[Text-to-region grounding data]

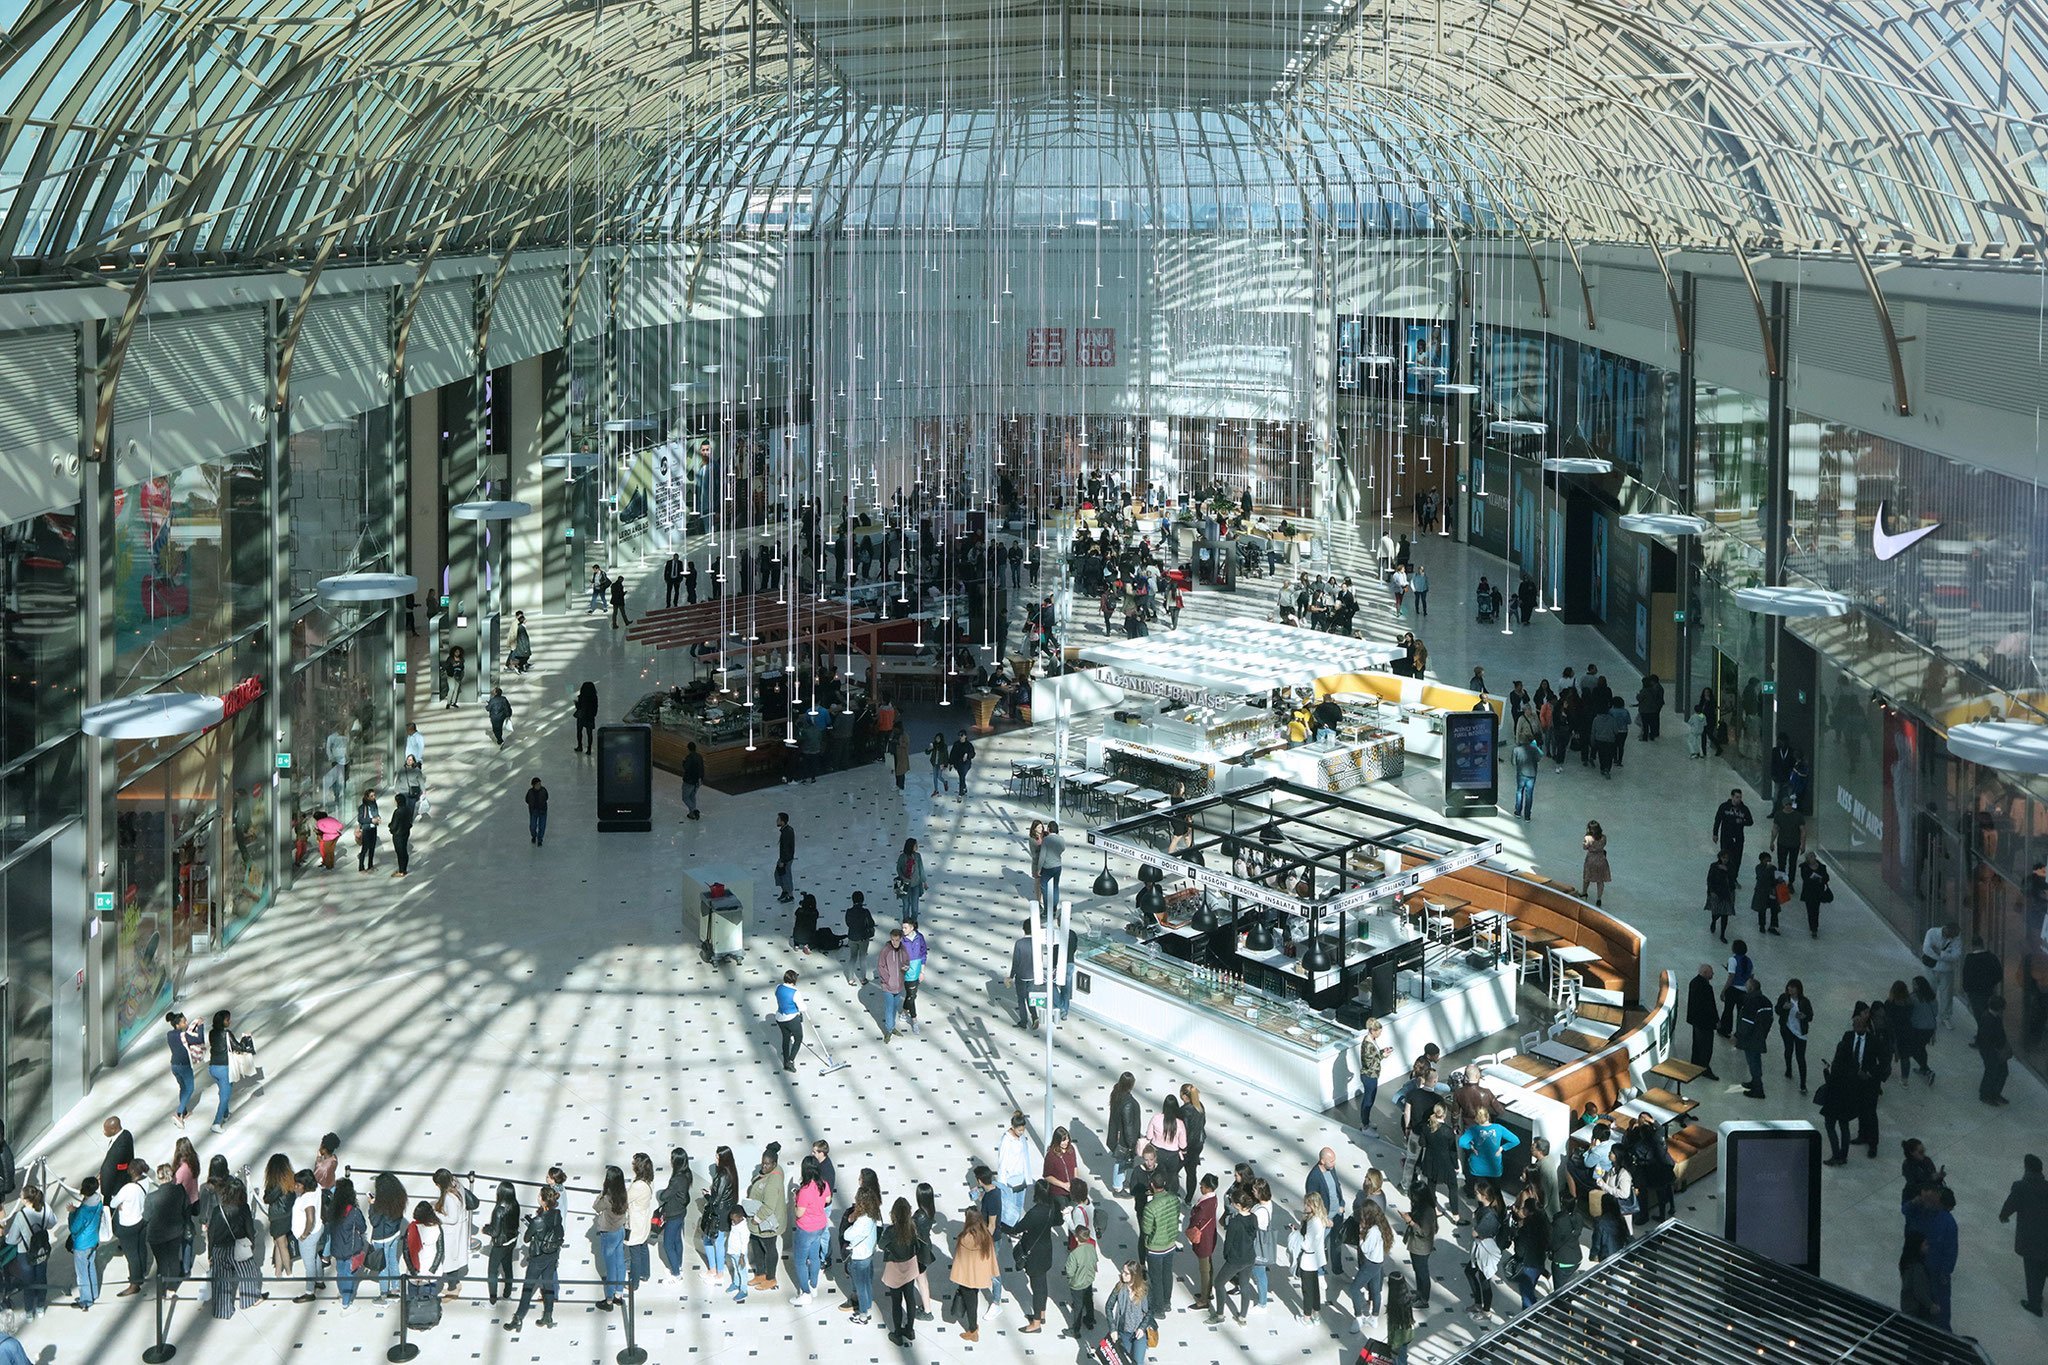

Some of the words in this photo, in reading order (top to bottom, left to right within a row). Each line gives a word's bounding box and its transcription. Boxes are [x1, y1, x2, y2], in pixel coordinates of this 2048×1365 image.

[1081, 333, 1109, 347] UNI
[1081, 349, 1112, 365] QLO
[1837, 785, 1852, 812] KISS
[1853, 799, 1866, 825] MY
[1866, 810, 1884, 841] AIRS
[1103, 840, 1120, 851] FRESH
[1120, 848, 1135, 857] JUICE
[1161, 861, 1179, 872] DOLCE
[1201, 874, 1228, 888] LASAGNE
[1233, 885, 1259, 899] PIADINA
[1264, 896, 1296, 911] INSALATA
[1333, 895, 1364, 910] RISTORANTE
[1368, 889, 1379, 898] BAR
[1382, 881, 1406, 893] ITALIANO
[1435, 863, 1454, 874] FRESCO
[1456, 853, 1481, 866] EVERYDAY
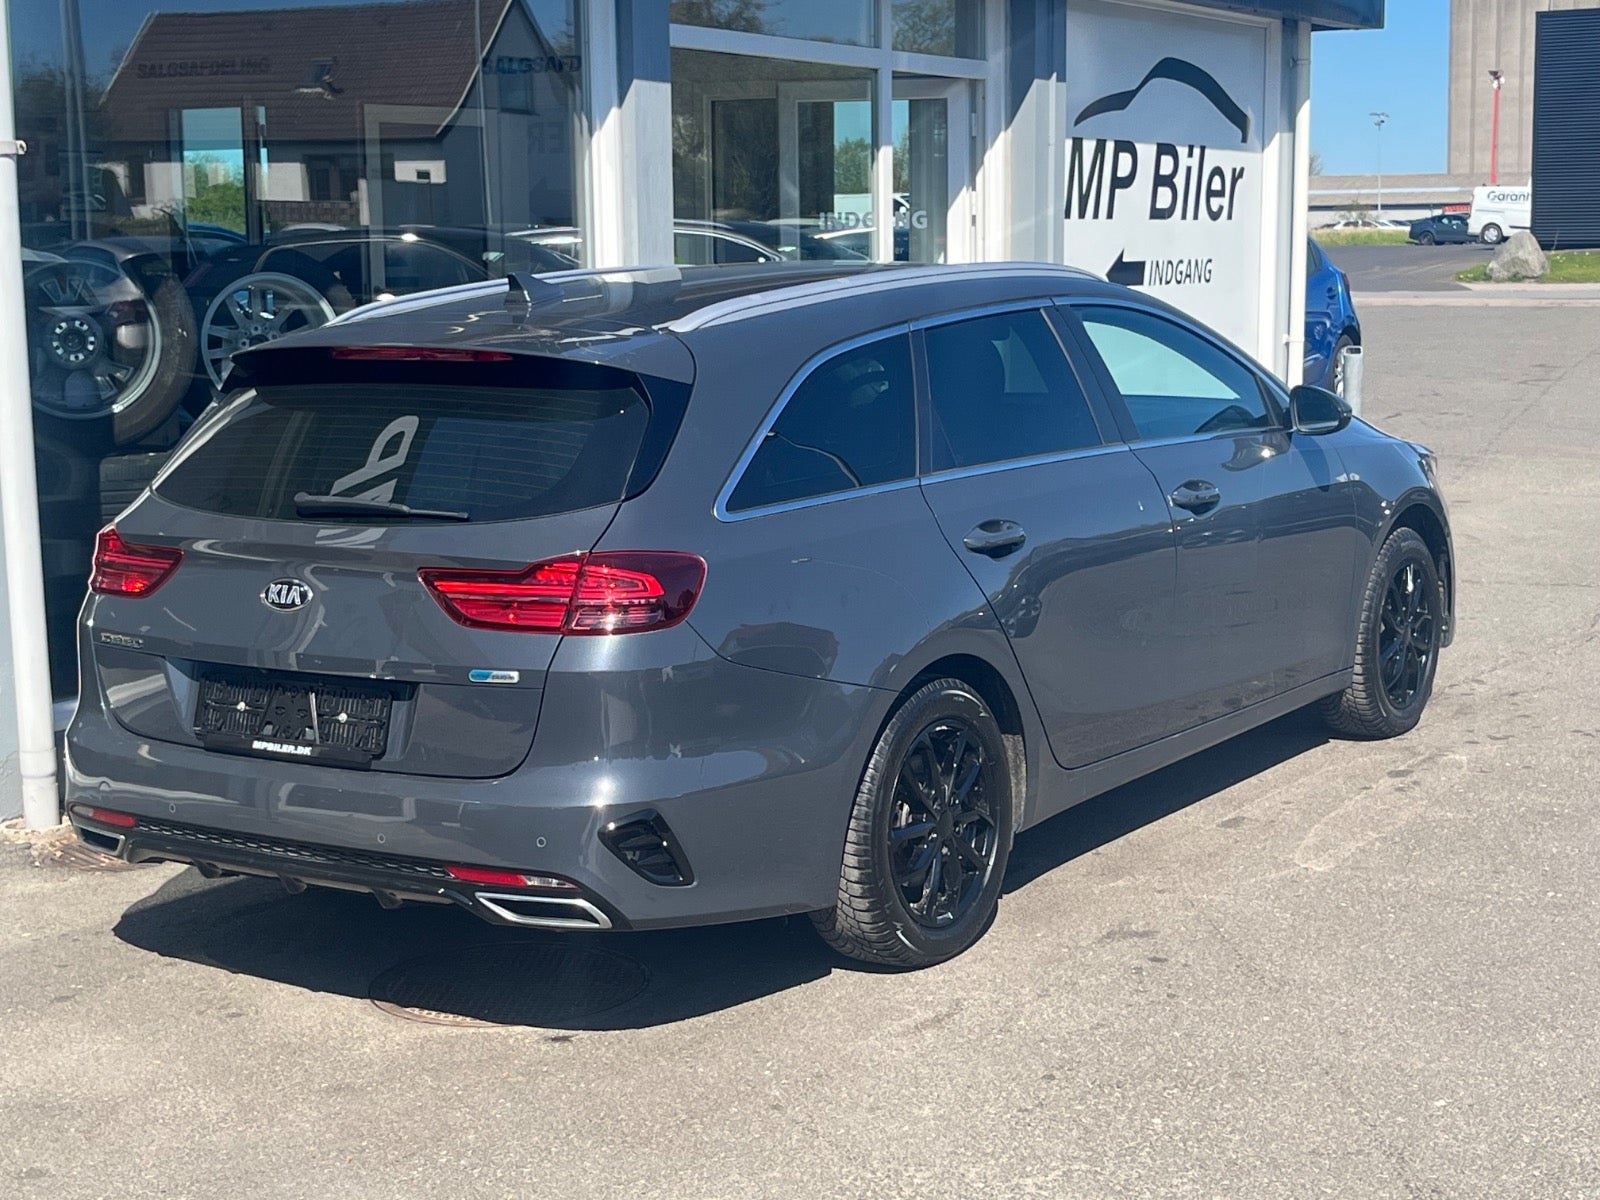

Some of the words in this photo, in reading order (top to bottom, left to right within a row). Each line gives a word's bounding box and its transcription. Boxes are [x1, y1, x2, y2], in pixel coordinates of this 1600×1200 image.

[1064, 137, 1138, 220] MP
[1149, 142, 1245, 221] Biler
[819, 210, 928, 230] INDGNG
[1149, 258, 1213, 286] INDGANG
[267, 583, 301, 605] KIA
[252, 740, 312, 756] MPBILER.DK

Exercise directions
Give the entries again exactly. Pictures stay out.

Your response
Some of the words in this photo, in reading order (top to bottom, left to right within a row). Each line gives a word's bounding box and its transcription. Boxes are [x1, y1, x2, y2], in pixel coordinates of this 2048×1365 image.

[1081, 333, 1109, 347] UNI
[1081, 349, 1112, 365] QLO
[1837, 785, 1852, 812] KISS
[1853, 799, 1866, 825] MY
[1866, 810, 1884, 841] AIRS
[1103, 840, 1120, 851] FRESH
[1120, 848, 1135, 857] JUICE
[1161, 861, 1179, 872] DOLCE
[1201, 874, 1228, 888] LASAGNE
[1233, 885, 1259, 899] PIADINA
[1264, 896, 1296, 911] INSALATA
[1333, 895, 1364, 910] RISTORANTE
[1368, 889, 1379, 898] BAR
[1382, 881, 1406, 893] ITALIANO
[1435, 863, 1454, 874] FRESCO
[1456, 853, 1481, 866] EVERYDAY

Some of the words in this photo, in reading order (top to bottom, left to right within a row). Each line gives a word's bounding box and its transcription. Boxes are [x1, y1, x2, y2], in pixel coordinates of this 1600×1200 image.

[1064, 137, 1138, 220] MP
[1149, 142, 1245, 221] Biler
[819, 210, 928, 230] INDGNG
[1149, 258, 1213, 286] INDGANG
[267, 583, 301, 605] KIA
[252, 740, 312, 756] MPBILER.DK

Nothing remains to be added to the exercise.